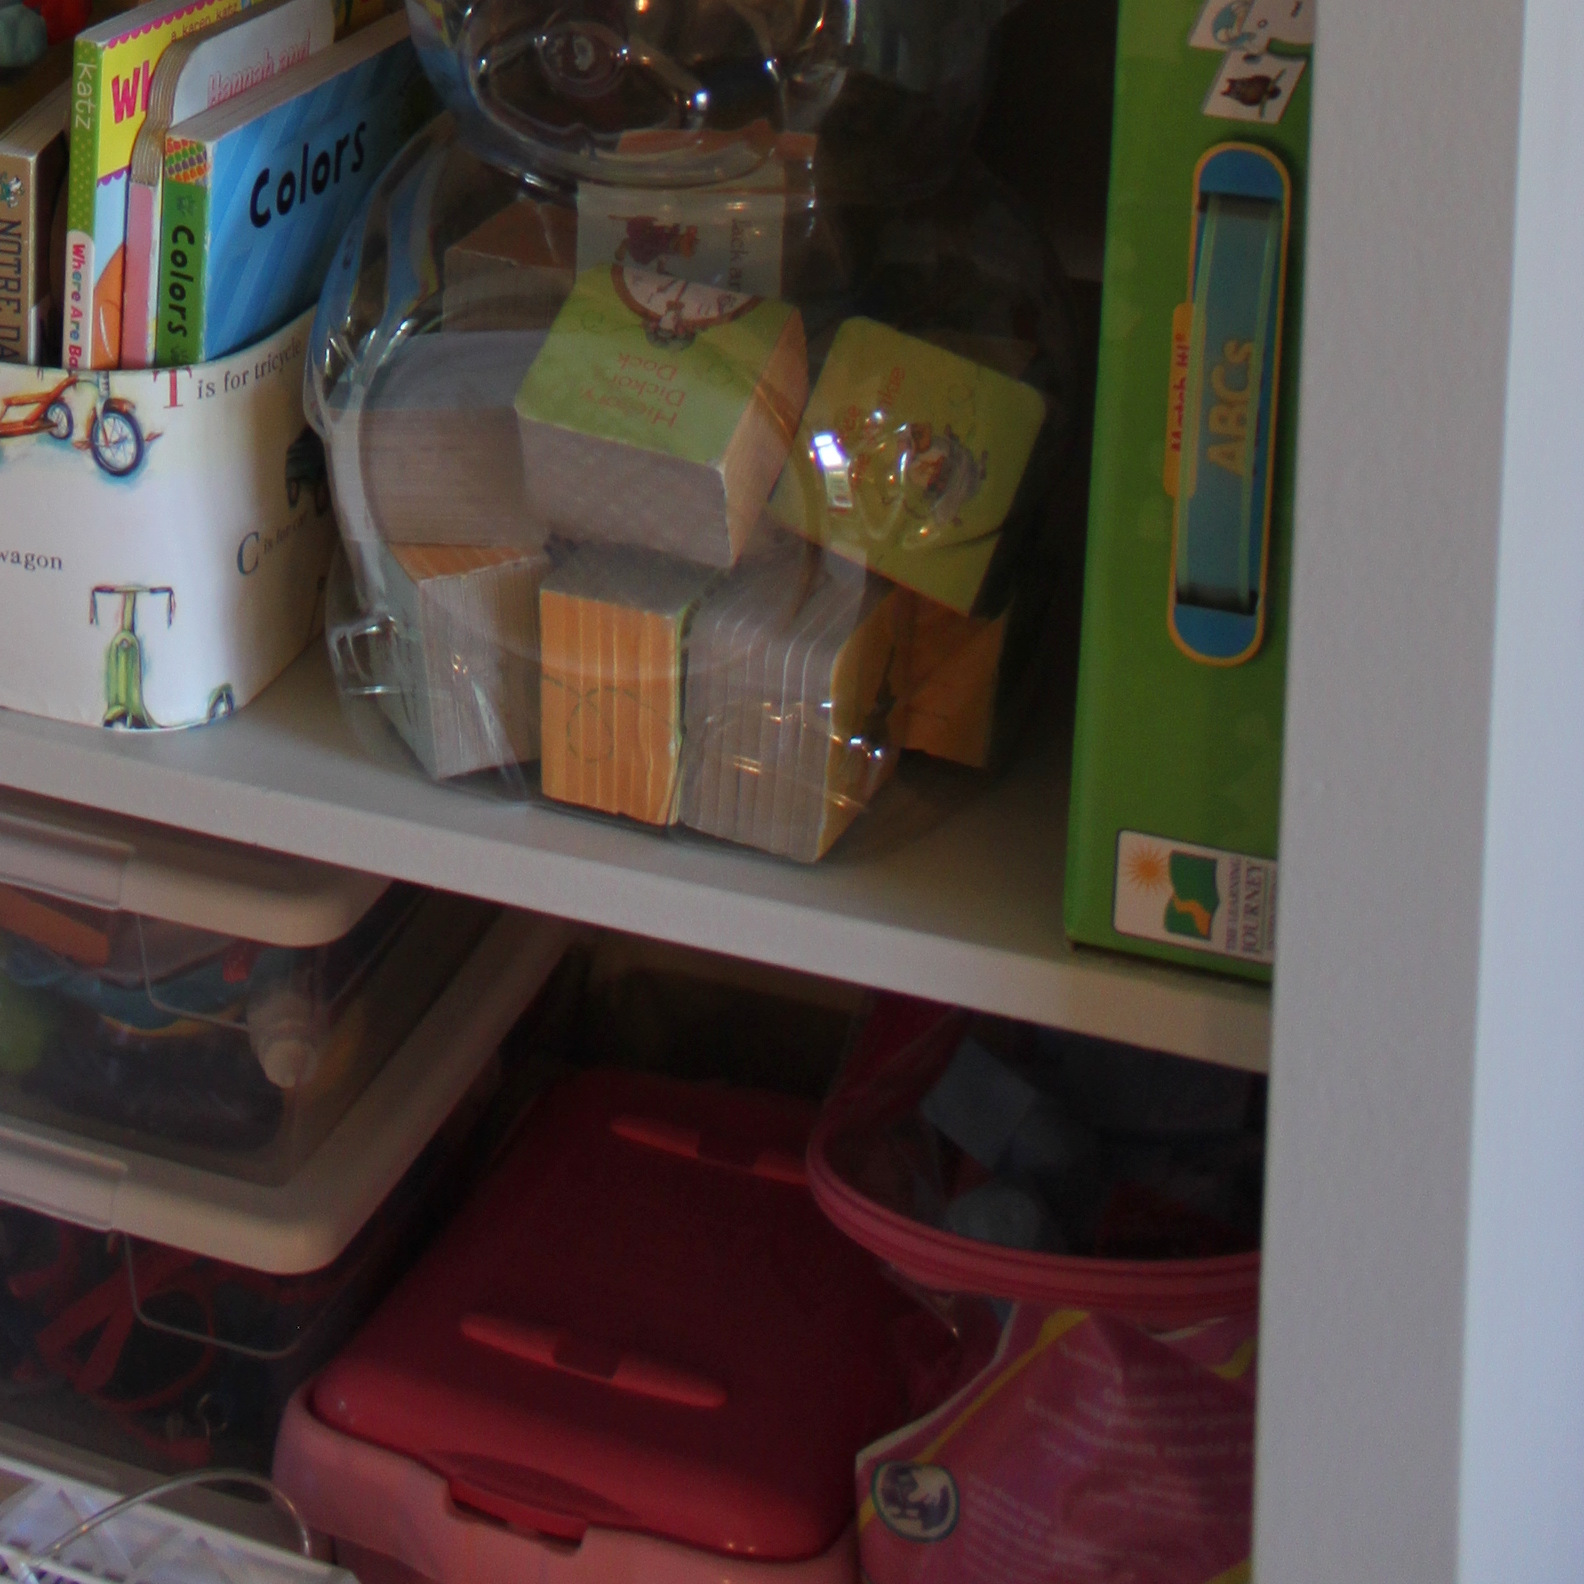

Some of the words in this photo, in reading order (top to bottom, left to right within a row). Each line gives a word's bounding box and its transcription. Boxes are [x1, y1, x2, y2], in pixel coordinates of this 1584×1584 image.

[182, 14, 211, 38] karen
[76, 63, 97, 130] katz
[208, 50, 274, 107] Hannah
[249, 122, 367, 230] Colors
[71, 243, 86, 303] Where
[168, 225, 195, 338] Colors
[69, 307, 83, 342] Are
[153, 368, 192, 409] T
[197, 380, 215, 399] is
[224, 370, 249, 393] for
[255, 337, 303, 381] tricycle
[1206, 338, 1254, 478] ABCs

#### To do:
Everything in the material above must be repeated exactly, apart from its pictures.

#### Task answer:
Some of the words in this photo, in reading order (top to bottom, left to right within a row). Each line gives a word's bounding box and its transcription. Boxes are [x1, y1, x2, y2], in pixel coordinates of this 1584×1584 image.

[182, 14, 211, 38] karen
[76, 63, 97, 130] katz
[208, 50, 274, 107] Hannah
[249, 122, 367, 230] Colors
[71, 243, 86, 303] Where
[168, 225, 195, 338] Colors
[69, 307, 83, 342] Are
[153, 368, 192, 409] T
[197, 380, 215, 399] is
[224, 370, 249, 393] for
[255, 337, 303, 381] tricycle
[1206, 338, 1254, 478] ABCs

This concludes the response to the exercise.